▶ [WORK REQUIRED] Repeat the entries below exactly. Drop the pictures.

RECORDS FOR THIS EXERCISE START

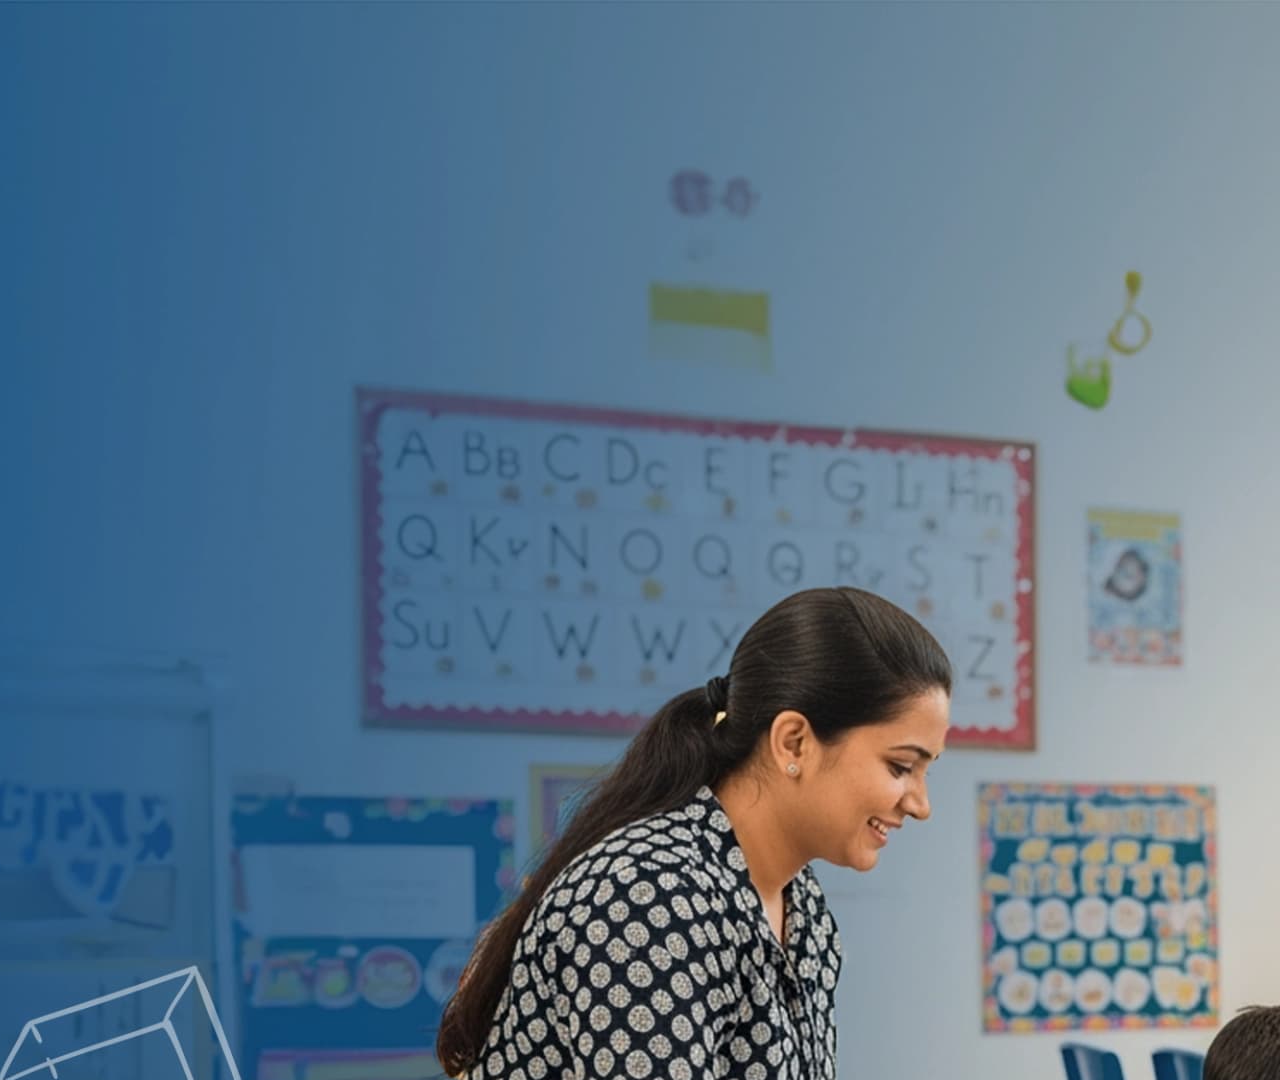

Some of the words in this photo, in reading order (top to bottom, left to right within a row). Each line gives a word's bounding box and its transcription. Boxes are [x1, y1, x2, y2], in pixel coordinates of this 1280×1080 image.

[395, 429, 436, 471] A
[543, 432, 581, 483] C
[704, 446, 729, 497] E
[769, 450, 792, 497] F
[823, 457, 868, 505] G
[397, 514, 444, 562] Q
[548, 521, 589, 571] N
[620, 528, 663, 576] O
[692, 534, 733, 581] Q
[908, 545, 933, 593] S
[965, 553, 990, 600] T
[474, 605, 512, 655] V
[542, 608, 600, 661] W
[629, 612, 687, 663] W
[966, 634, 997, 681] Z
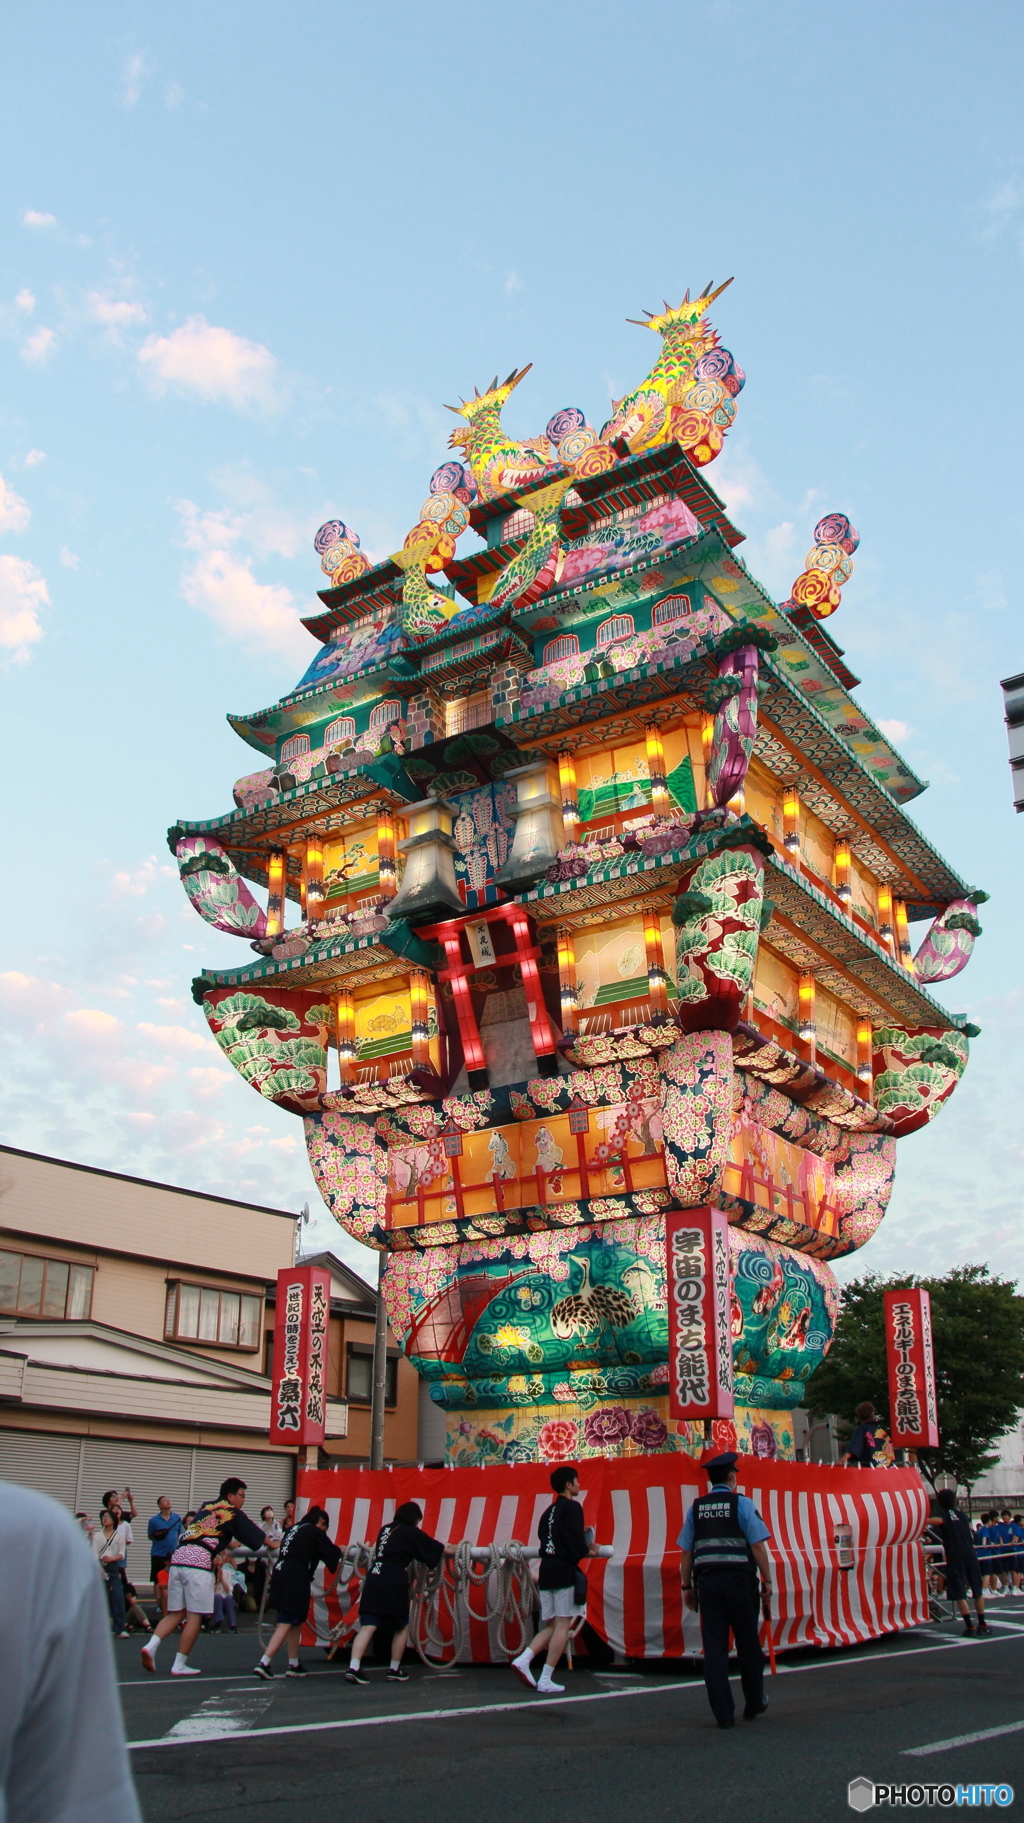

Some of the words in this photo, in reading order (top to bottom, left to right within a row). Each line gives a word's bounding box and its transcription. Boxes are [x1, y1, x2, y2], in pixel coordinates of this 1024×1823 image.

[477, 925, 492, 957] 不夜城
[307, 1284, 326, 1424] 天空の不夜城
[673, 1230, 708, 1405] 宇宙のまち能代
[714, 1228, 732, 1394] 天空の不夜城
[893, 1303, 921, 1433] エネルギーのまち能代
[699, 1511, 730, 1519] POLICE
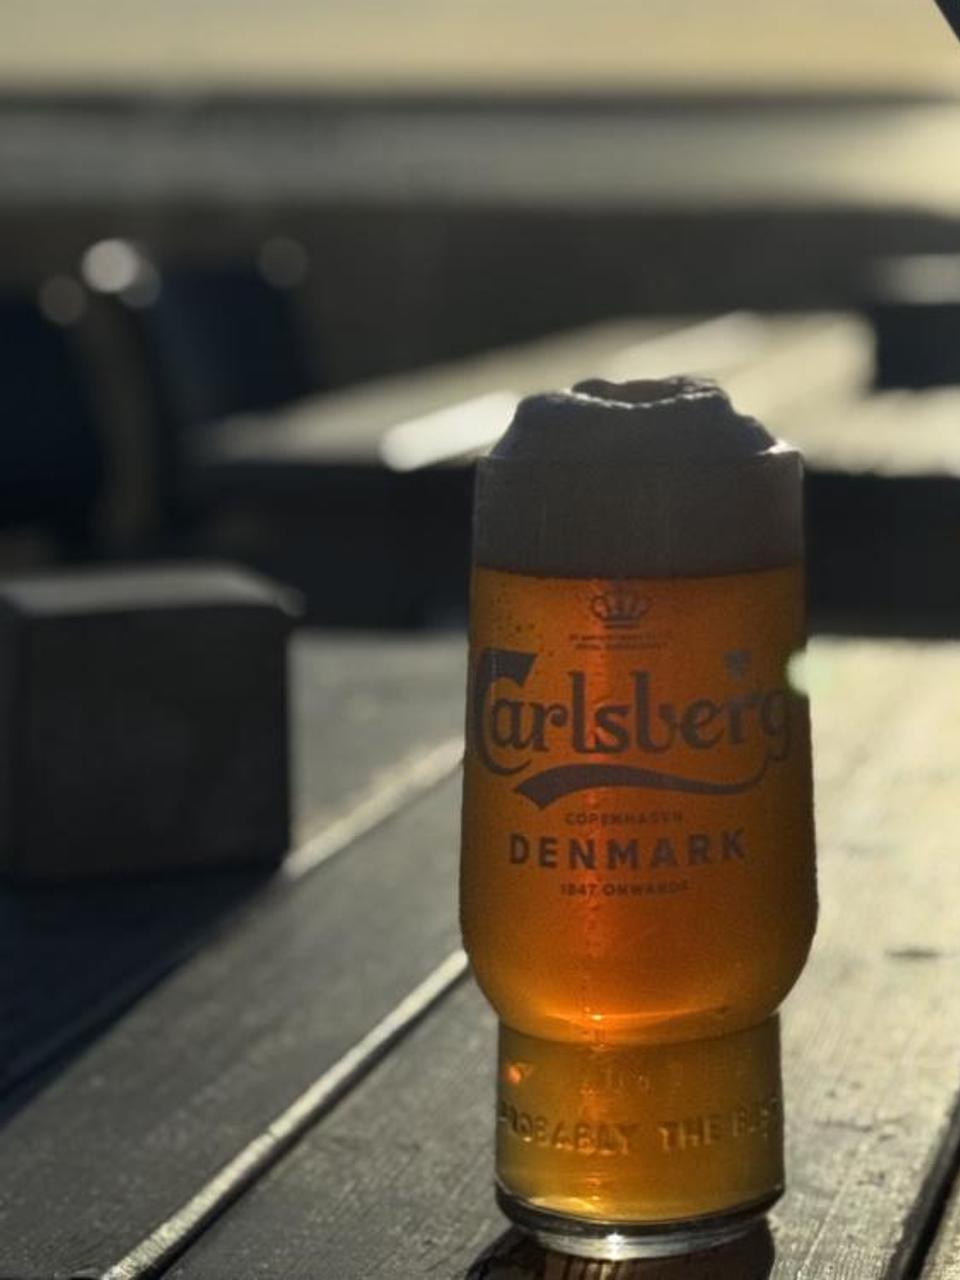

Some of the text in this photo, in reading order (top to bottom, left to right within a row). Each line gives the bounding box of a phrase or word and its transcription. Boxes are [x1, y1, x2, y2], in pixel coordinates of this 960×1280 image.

[472, 646, 794, 780] Carlsberg
[564, 810, 684, 826] COPENHAGEN
[509, 828, 747, 870] DENMARK
[560, 882, 598, 897] 1847
[656, 1117, 720, 1152] THE
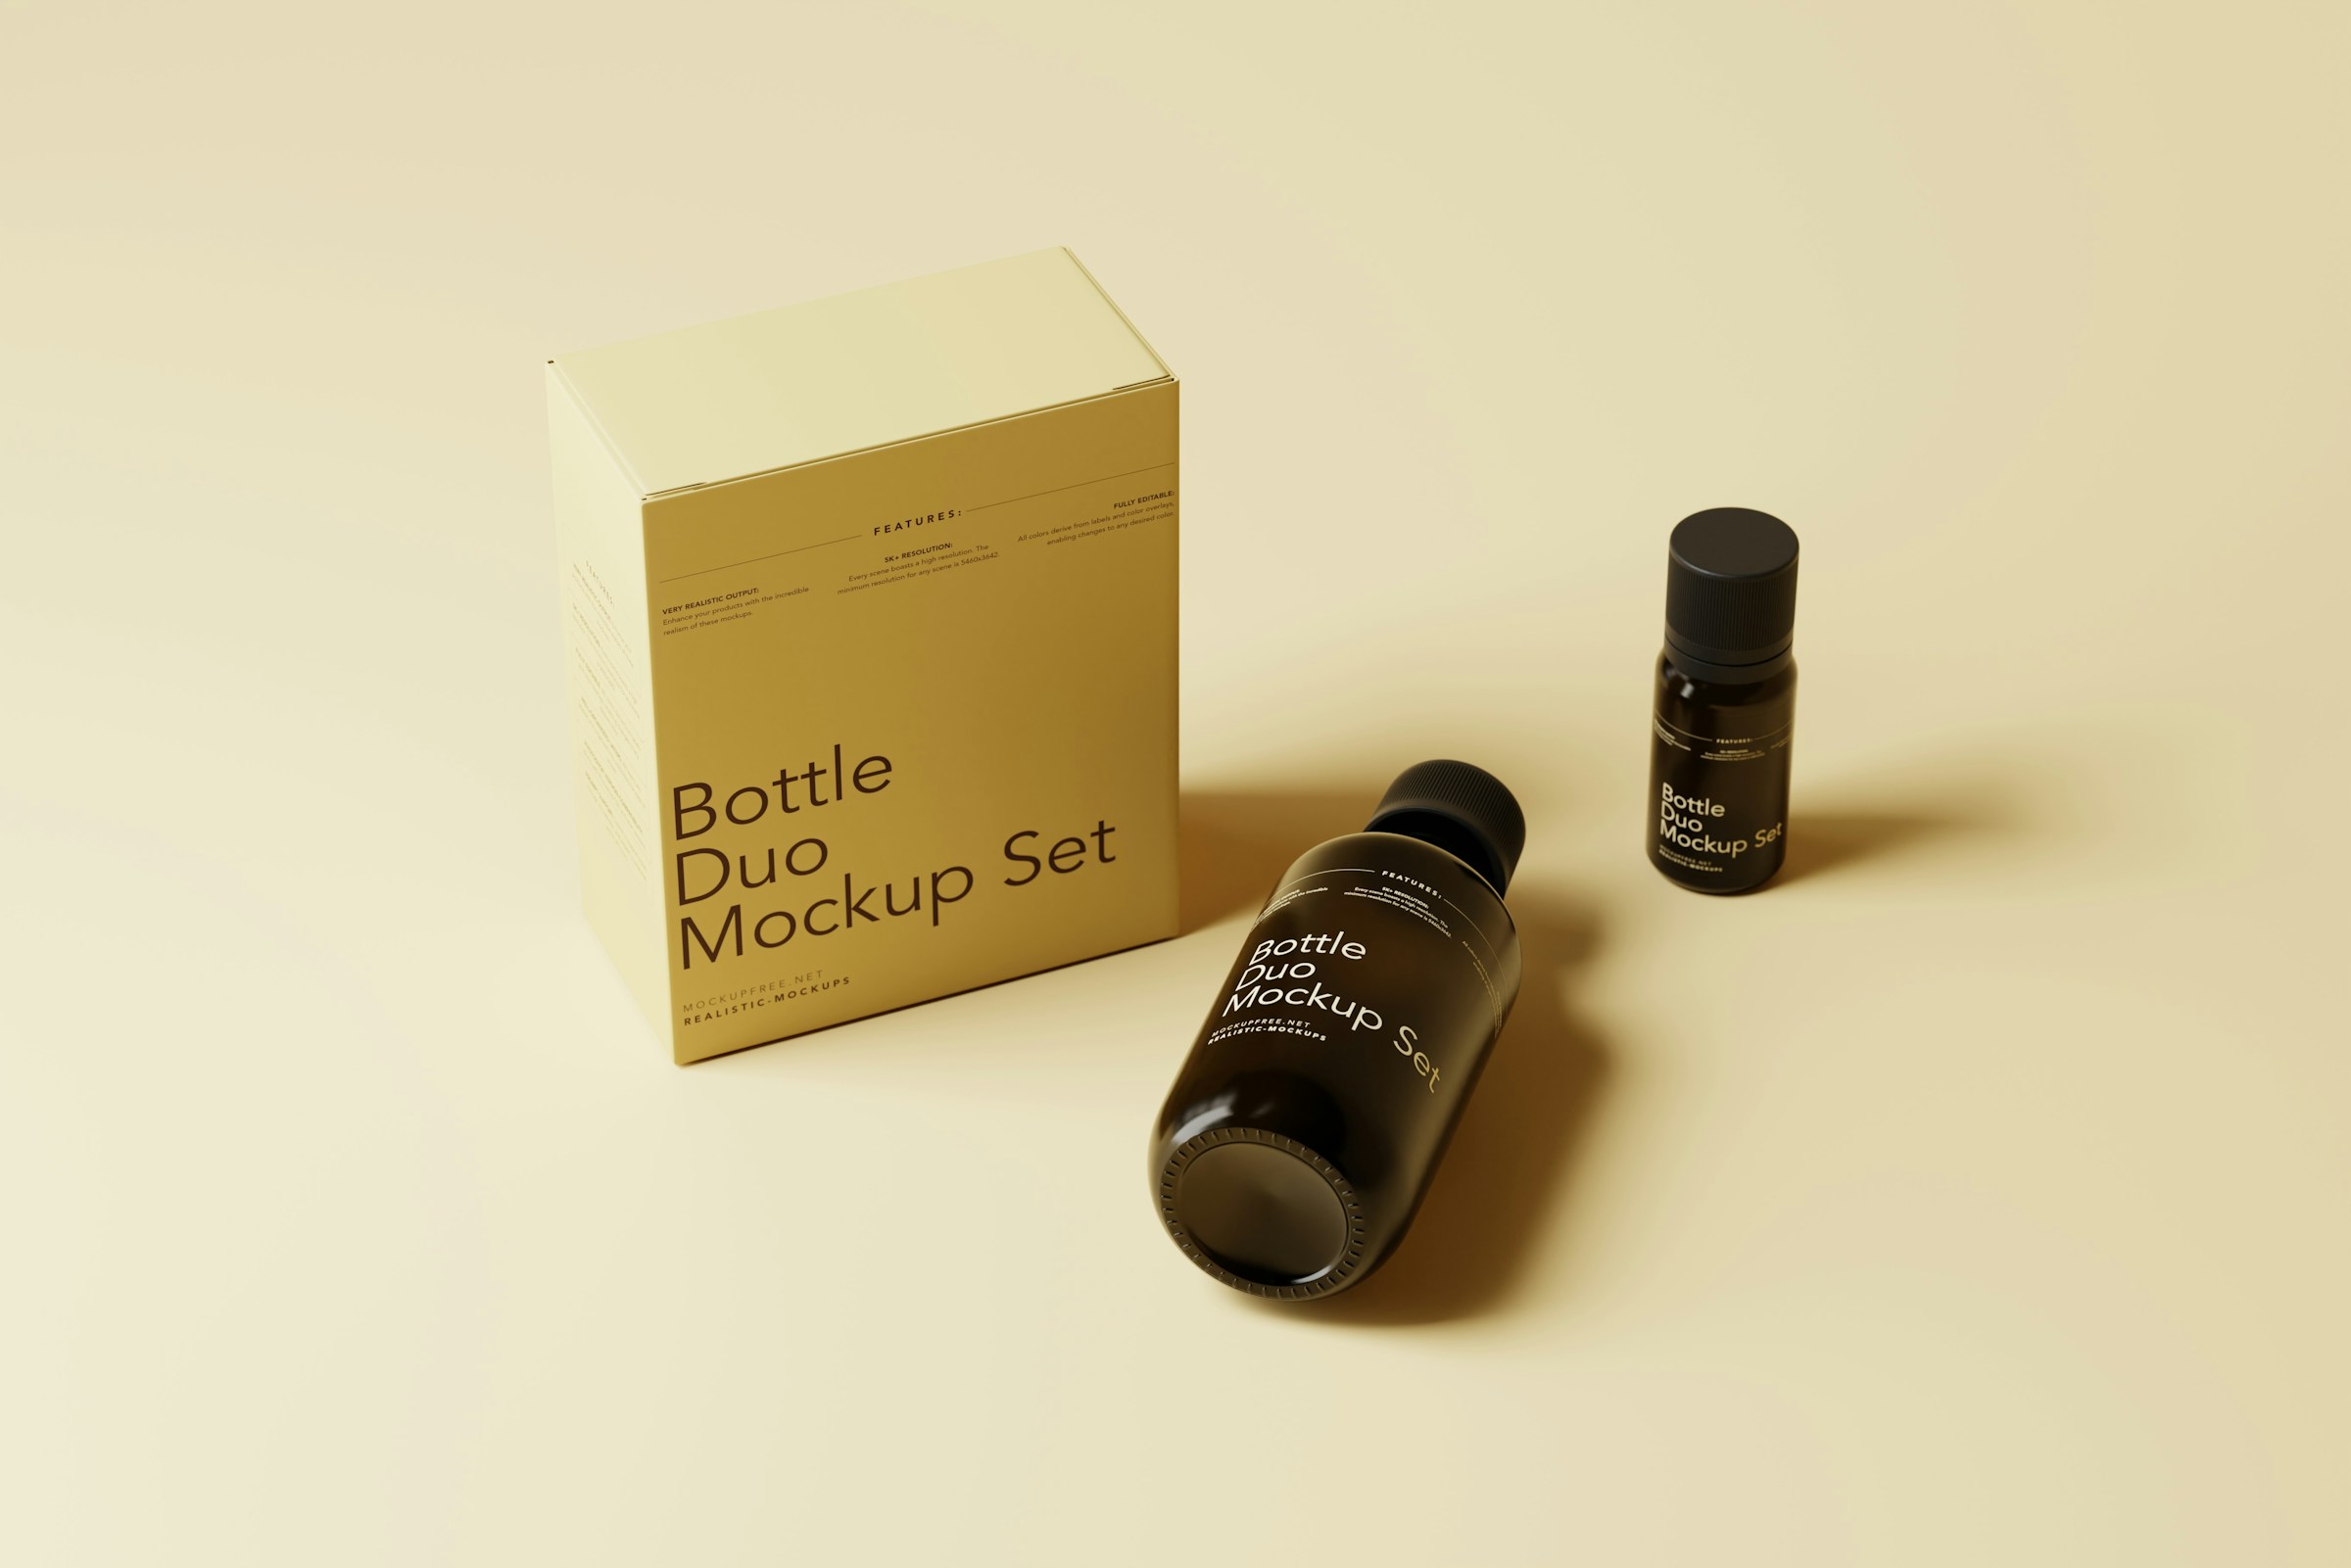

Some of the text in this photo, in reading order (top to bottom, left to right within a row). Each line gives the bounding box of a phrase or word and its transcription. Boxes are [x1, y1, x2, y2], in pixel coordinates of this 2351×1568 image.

[1114, 490, 1175, 509] FULLY EDITABLE:
[874, 509, 962, 536] FEATURES:
[1029, 530, 1049, 541] colors
[1051, 525, 1072, 535] derive
[1074, 521, 1089, 530] from
[1091, 515, 1111, 526] labels
[1127, 508, 1144, 517] color
[1046, 534, 1077, 546] enabling
[1078, 528, 1106, 539] changes
[1129, 515, 1155, 526] desired
[901, 543, 953, 559] RESOLUTION:
[838, 583, 870, 594] minimum
[871, 575, 905, 587] resolution
[918, 568, 931, 577] any
[933, 564, 952, 573] scene
[848, 573, 868, 583] Every
[869, 568, 889, 578] scene
[890, 562, 914, 573] boasts
[921, 556, 936, 565] high
[662, 588, 759, 615] VERY REALISTIC OUTPUT:
[663, 587, 809, 626] Enhance your products with the incredible
[663, 625, 689, 636] realism
[699, 619, 719, 628] these
[673, 743, 892, 841] Bottle
[1662, 782, 1725, 818] Bottle
[1661, 800, 1703, 832] Duo
[1660, 818, 1782, 859] Mockup Set
[676, 837, 828, 906] Duo
[1382, 870, 1442, 899] FEATURES:
[680, 820, 1116, 971] Mockup Set
[1249, 930, 1367, 967] Bottle
[683, 970, 823, 1013] MOCKUPFREE.NET
[1235, 962, 1316, 992] Duo
[684, 976, 849, 1025] REALISTIC-MOCKUPS
[1208, 1025, 1326, 1045] REALISTIC-MOCKUPS
[1212, 1019, 1311, 1037] MOCKUPFREE.NET
[1223, 981, 1440, 1094] Mockup Set

RECORDS FOR THIS EXERCISE END

▶ [SOLVED EXERCISE]
Some of the words in this photo, in reading order (top to bottom, left to right within a row). Each line gives a word's bounding box and its transcription. Boxes are [x1, y1, x2, y2], in pixel coordinates of this 1280×1080 image.

[395, 429, 436, 471] A
[543, 432, 581, 483] C
[704, 446, 729, 497] E
[769, 450, 792, 497] F
[823, 457, 868, 505] G
[397, 514, 444, 562] Q
[548, 521, 589, 571] N
[620, 528, 663, 576] O
[692, 534, 733, 581] Q
[908, 545, 933, 593] S
[965, 553, 990, 600] T
[474, 605, 512, 655] V
[542, 608, 600, 661] W
[629, 612, 687, 663] W
[966, 634, 997, 681] Z

Some of the words in this photo, in reading order (top to bottom, left to right within a row). Each line gives a word's bounding box and its transcription. Boxes are [x1, y1, x2, y2], in pixel coordinates of this 1024×1823 image.

[477, 925, 492, 957] 不夜城
[307, 1284, 326, 1424] 天空の不夜城
[673, 1230, 708, 1405] 宇宙のまち能代
[714, 1228, 732, 1394] 天空の不夜城
[893, 1303, 921, 1433] エネルギーのまち能代
[699, 1511, 730, 1519] POLICE

Some of the text in this photo, in reading order (top to bottom, left to right within a row). Each line gives the bounding box of a phrase or word and its transcription. Boxes are [x1, y1, x2, y2], in pixel coordinates of this 960×1280 image.

[472, 646, 794, 780] Carlsberg
[564, 810, 684, 826] COPENHAGEN
[509, 828, 747, 870] DENMARK
[560, 882, 598, 897] 1847
[656, 1117, 720, 1152] THE

Some of the text in this photo, in reading order (top to bottom, left to right within a row). Each line gives the bounding box of a phrase or word and its transcription. Boxes are [x1, y1, x2, y2], in pixel coordinates of this 2351×1568 image.

[1114, 490, 1175, 509] FULLY EDITABLE:
[874, 509, 962, 536] FEATURES:
[1029, 530, 1049, 541] colors
[1051, 525, 1072, 535] derive
[1074, 521, 1089, 530] from
[1091, 515, 1111, 526] labels
[1127, 508, 1144, 517] color
[1046, 534, 1077, 546] enabling
[1078, 528, 1106, 539] changes
[1129, 515, 1155, 526] desired
[901, 543, 953, 559] RESOLUTION:
[838, 583, 870, 594] minimum
[871, 575, 905, 587] resolution
[918, 568, 931, 577] any
[933, 564, 952, 573] scene
[848, 573, 868, 583] Every
[869, 568, 889, 578] scene
[890, 562, 914, 573] boasts
[921, 556, 936, 565] high
[662, 588, 759, 615] VERY REALISTIC OUTPUT:
[663, 587, 809, 626] Enhance your products with the incredible
[663, 625, 689, 636] realism
[699, 619, 719, 628] these
[673, 743, 892, 841] Bottle
[1662, 782, 1725, 818] Bottle
[1661, 800, 1703, 832] Duo
[1660, 818, 1782, 859] Mockup Set
[676, 837, 828, 906] Duo
[1382, 870, 1442, 899] FEATURES:
[680, 820, 1116, 971] Mockup Set
[1249, 930, 1367, 967] Bottle
[683, 970, 823, 1013] MOCKUPFREE.NET
[1235, 962, 1316, 992] Duo
[684, 976, 849, 1025] REALISTIC-MOCKUPS
[1208, 1025, 1326, 1045] REALISTIC-MOCKUPS
[1212, 1019, 1311, 1037] MOCKUPFREE.NET
[1223, 981, 1440, 1094] Mockup Set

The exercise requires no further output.